WHAT TO DO:
Where a picture appears, leave it out, and transcribe all the lines below exactly.

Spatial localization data
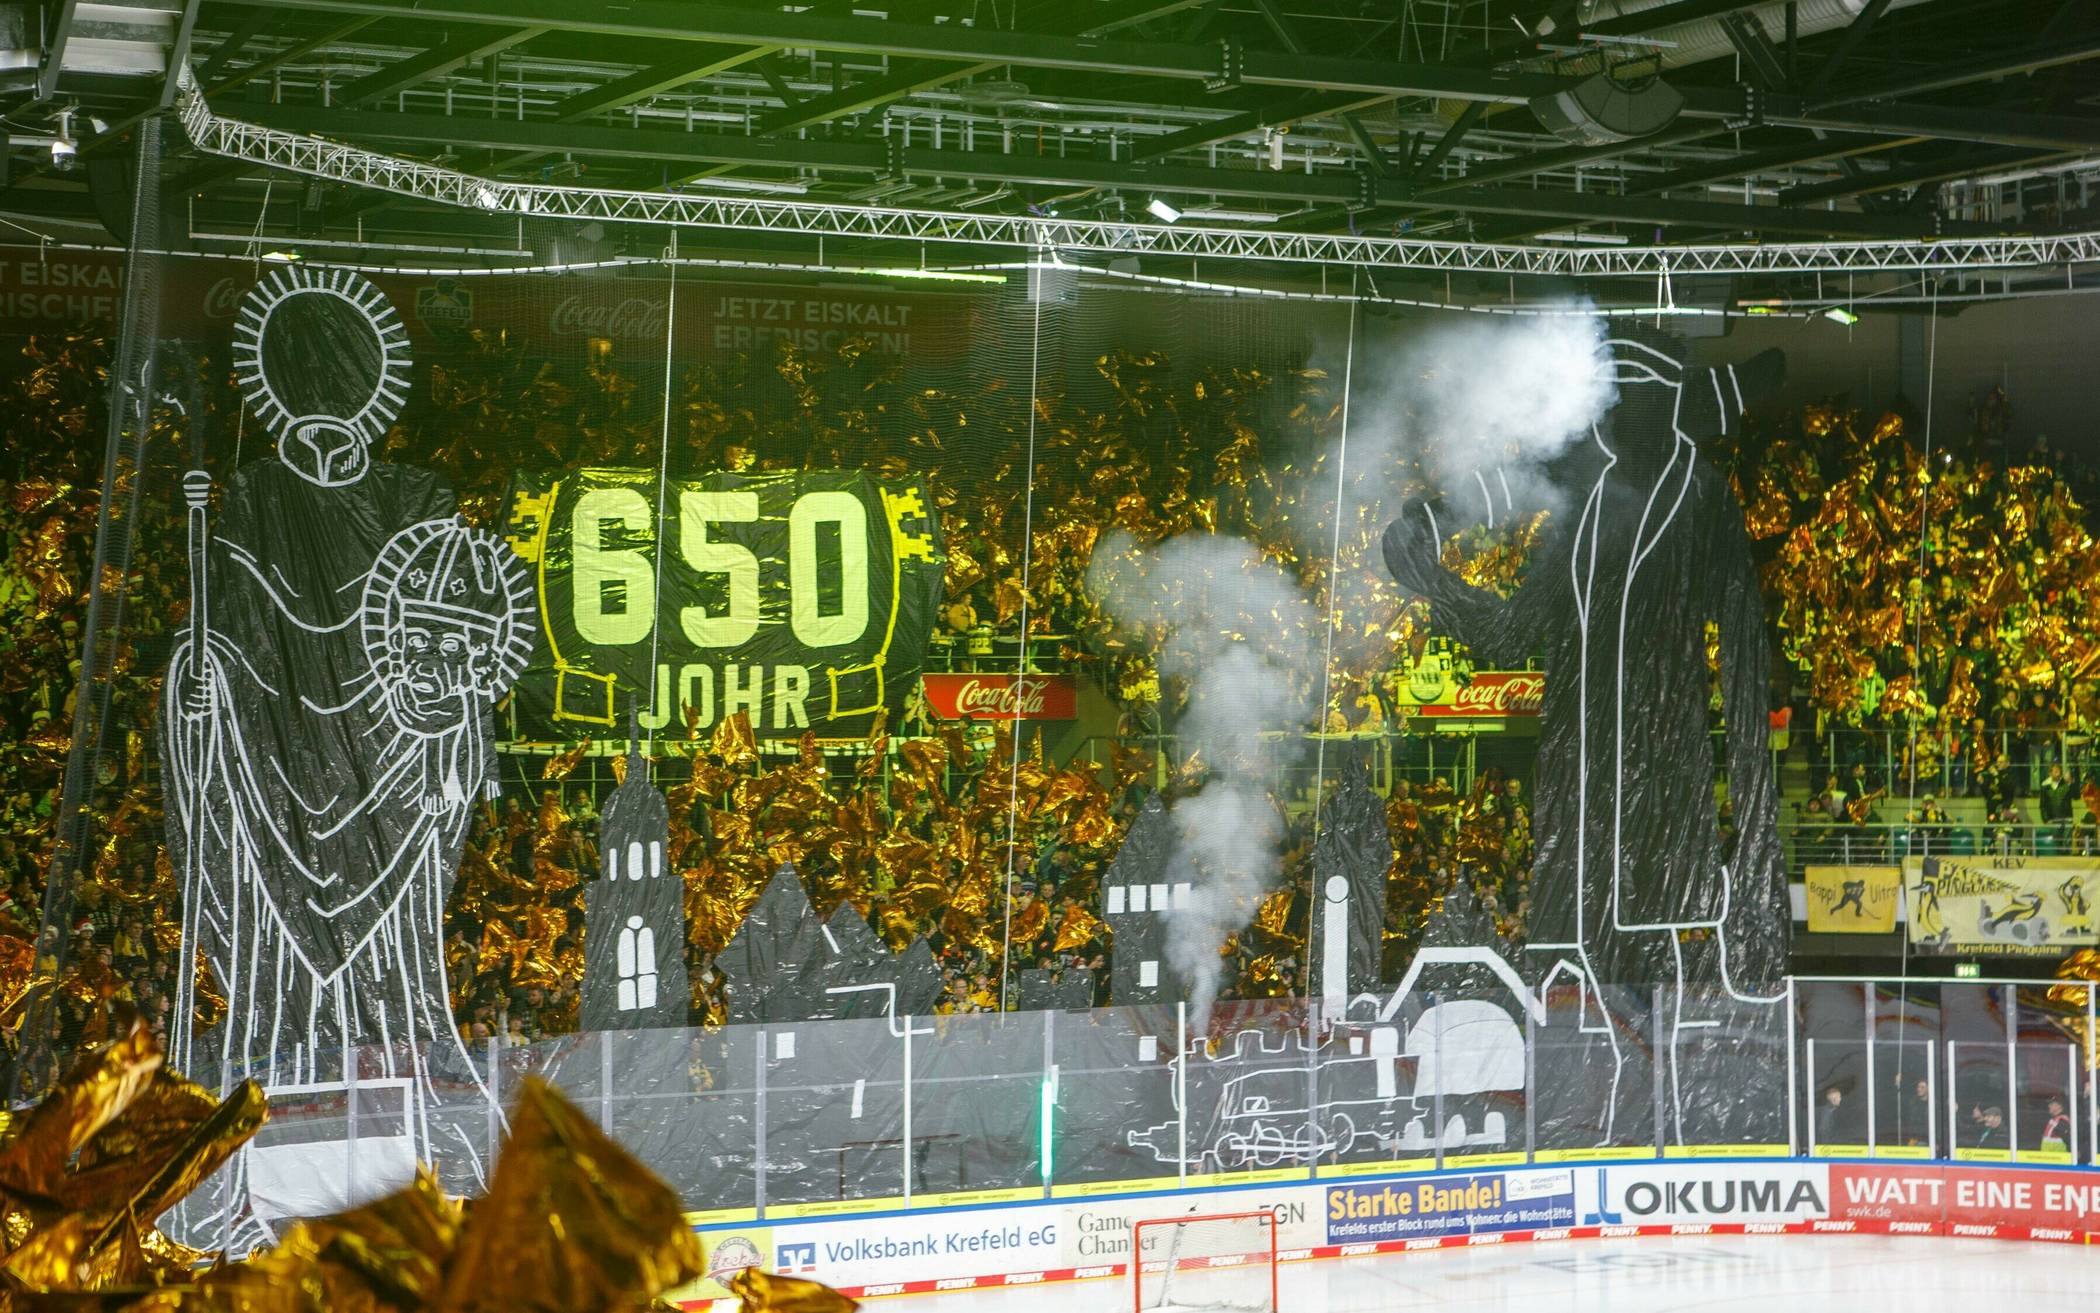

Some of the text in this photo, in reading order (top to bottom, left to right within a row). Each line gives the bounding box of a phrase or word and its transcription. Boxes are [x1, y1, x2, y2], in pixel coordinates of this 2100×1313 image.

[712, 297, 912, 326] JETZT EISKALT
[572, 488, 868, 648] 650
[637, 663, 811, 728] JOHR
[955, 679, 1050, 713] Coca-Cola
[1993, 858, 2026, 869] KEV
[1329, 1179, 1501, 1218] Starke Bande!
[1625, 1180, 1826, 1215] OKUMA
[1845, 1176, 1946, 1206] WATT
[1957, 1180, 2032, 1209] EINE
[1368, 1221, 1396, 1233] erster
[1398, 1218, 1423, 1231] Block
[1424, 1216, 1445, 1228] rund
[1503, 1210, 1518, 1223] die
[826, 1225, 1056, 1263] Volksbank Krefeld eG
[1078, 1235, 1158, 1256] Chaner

WRITTEN SOLUTION:
Some of the text in this photo, in reading order (top to bottom, left to right within a row). Each line gives the bounding box of a phrase or word and its transcription. Boxes are [x1, y1, x2, y2], in pixel coordinates of this 2100×1313 image.

[712, 297, 912, 326] JETZT EISKALT
[572, 488, 868, 648] 650
[637, 663, 811, 728] JOHR
[955, 679, 1050, 713] Coca-Cola
[1993, 858, 2026, 869] KEV
[1329, 1179, 1501, 1218] Starke Bande!
[1625, 1180, 1826, 1215] OKUMA
[1845, 1176, 1946, 1206] WATT
[1957, 1180, 2032, 1209] EINE
[1368, 1221, 1396, 1233] erster
[1398, 1218, 1423, 1231] Block
[1424, 1216, 1445, 1228] rund
[1503, 1210, 1518, 1223] die
[826, 1225, 1056, 1263] Volksbank Krefeld eG
[1078, 1235, 1158, 1256] Chaner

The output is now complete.